Stored entries

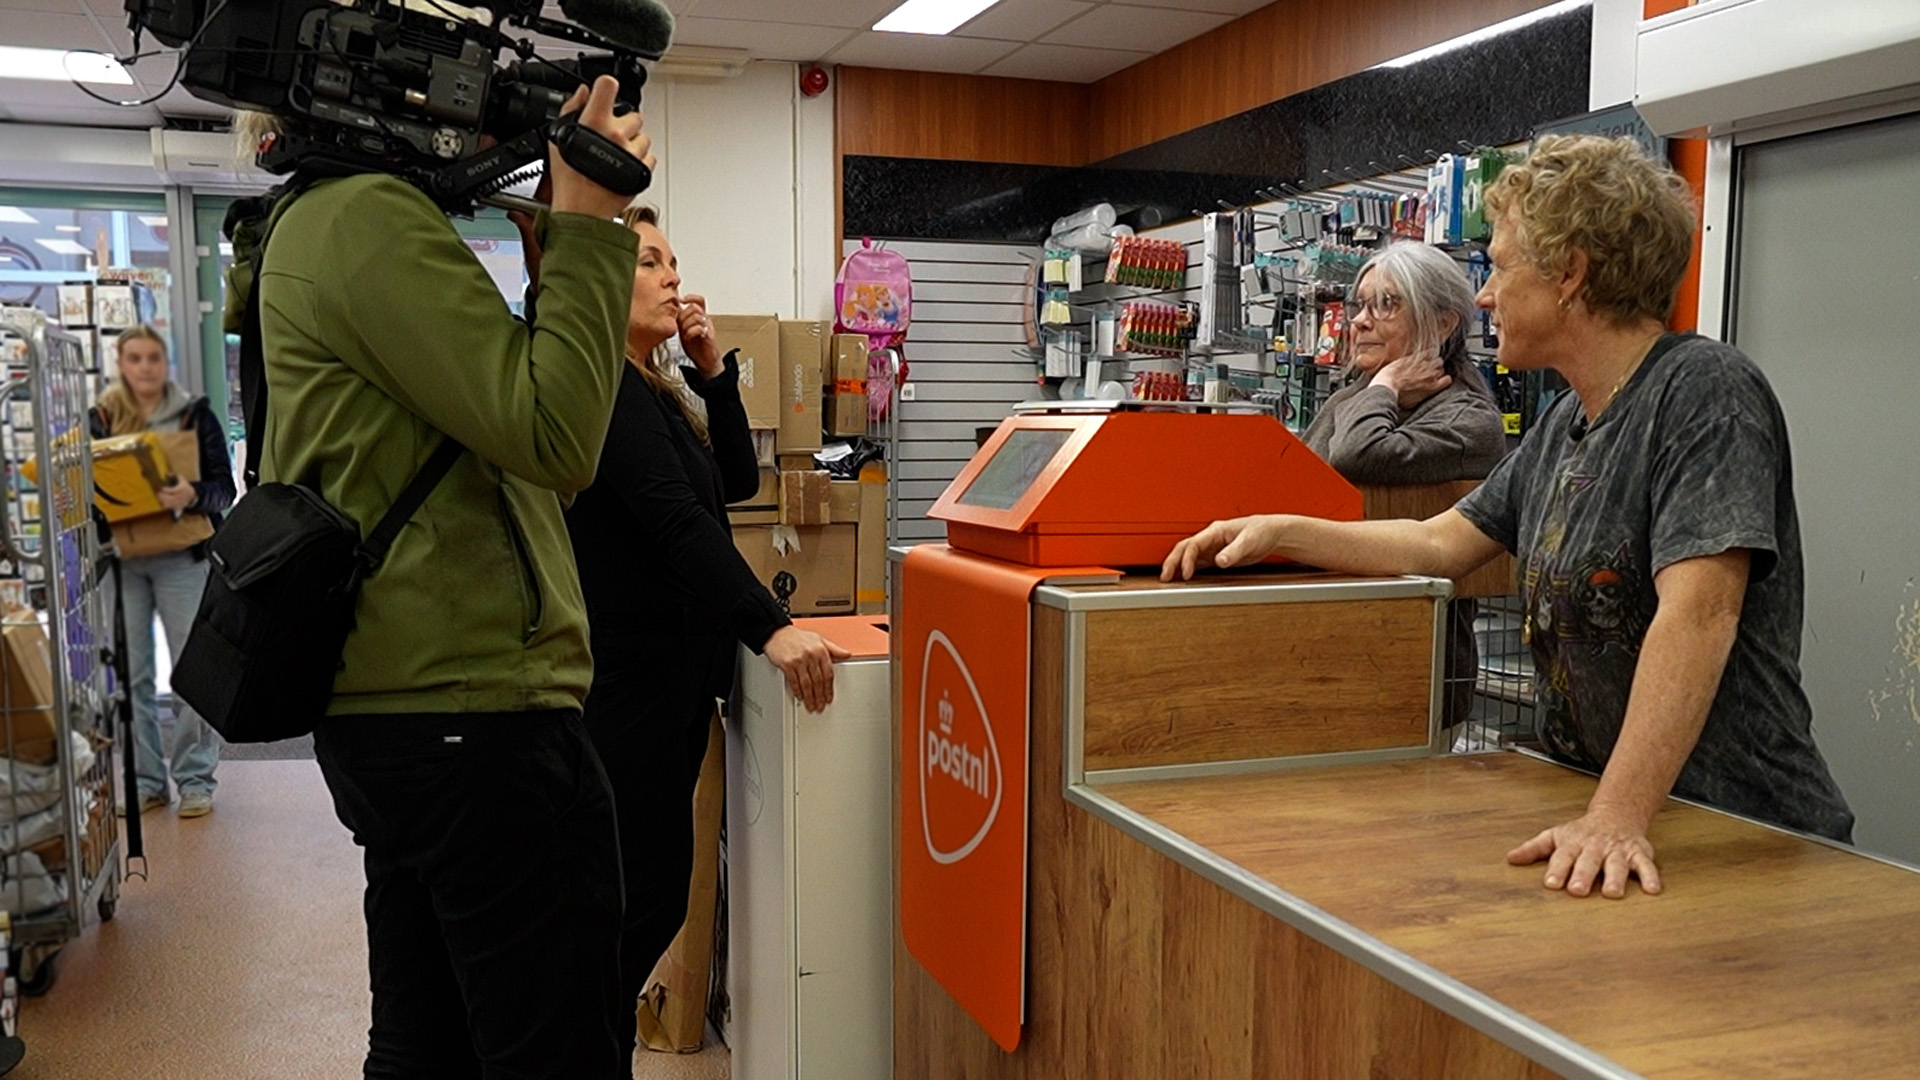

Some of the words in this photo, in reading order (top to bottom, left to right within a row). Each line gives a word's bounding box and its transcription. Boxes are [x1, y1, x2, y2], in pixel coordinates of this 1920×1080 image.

[466, 155, 500, 177] SONY
[589, 145, 624, 169] SONY
[793, 363, 803, 403] zalando
[927, 728, 990, 800] postnl
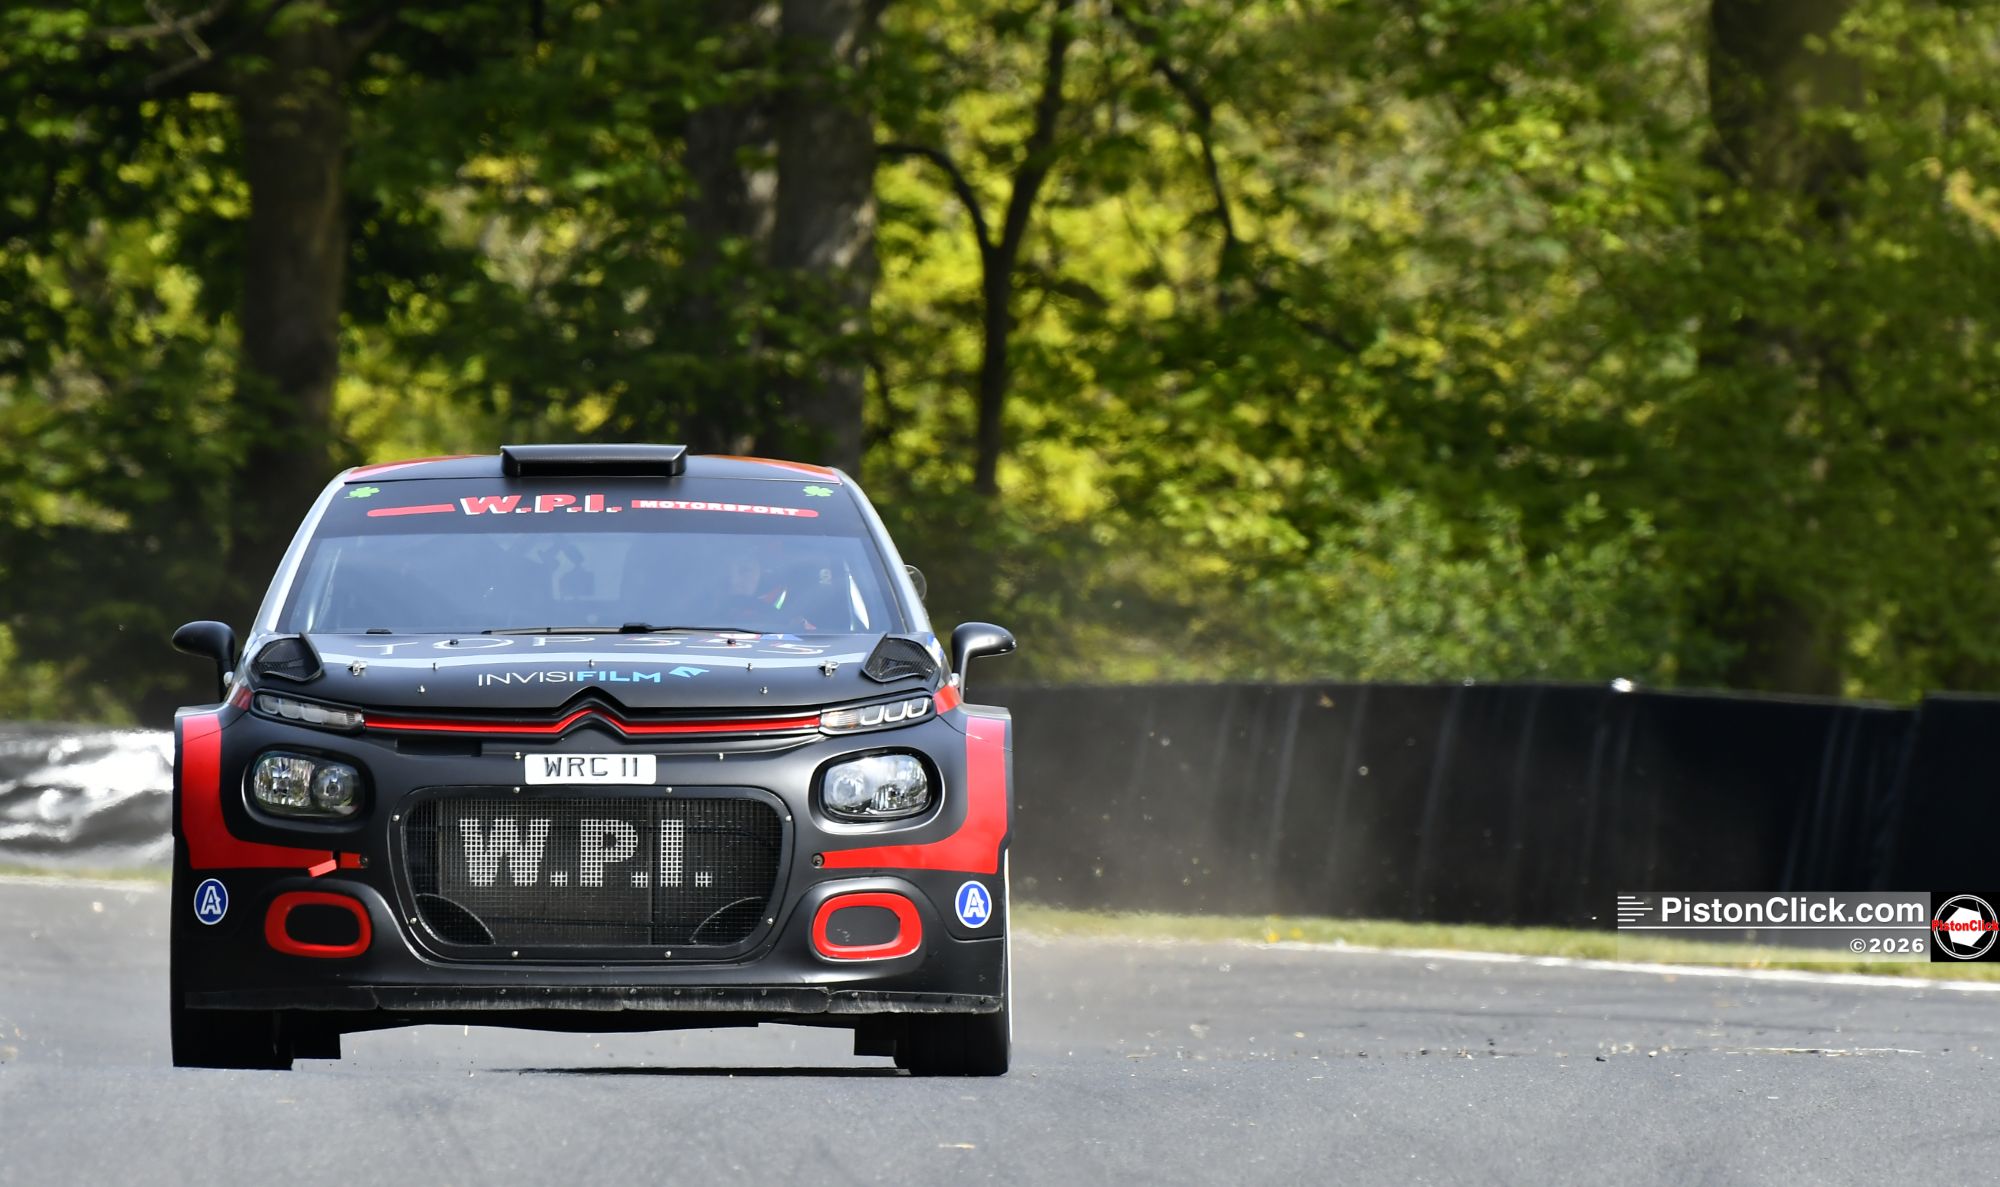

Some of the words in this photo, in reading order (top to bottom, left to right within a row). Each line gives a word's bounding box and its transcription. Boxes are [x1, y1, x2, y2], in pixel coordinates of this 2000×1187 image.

ACTION ITEM:
The entries are to be written out in full and exactly, apart from the pictures.

TASK SOLUTION:
Some of the words in this photo, in reading order (top to bottom, left to right within a row). Each line gives a word's bounding box and its transcription. Boxes are [x1, y1, x2, y2], in pixel coordinates of this 1920×1080 image.

[466, 155, 500, 177] SONY
[589, 145, 624, 169] SONY
[793, 363, 803, 403] zalando
[927, 728, 990, 800] postnl

Some of the words in this photo, in reading order (top to bottom, left to right within a row). Each line gives a word's bounding box and its transcription. Boxes are [x1, y1, x2, y2], in pixel coordinates of this 2000×1187 image.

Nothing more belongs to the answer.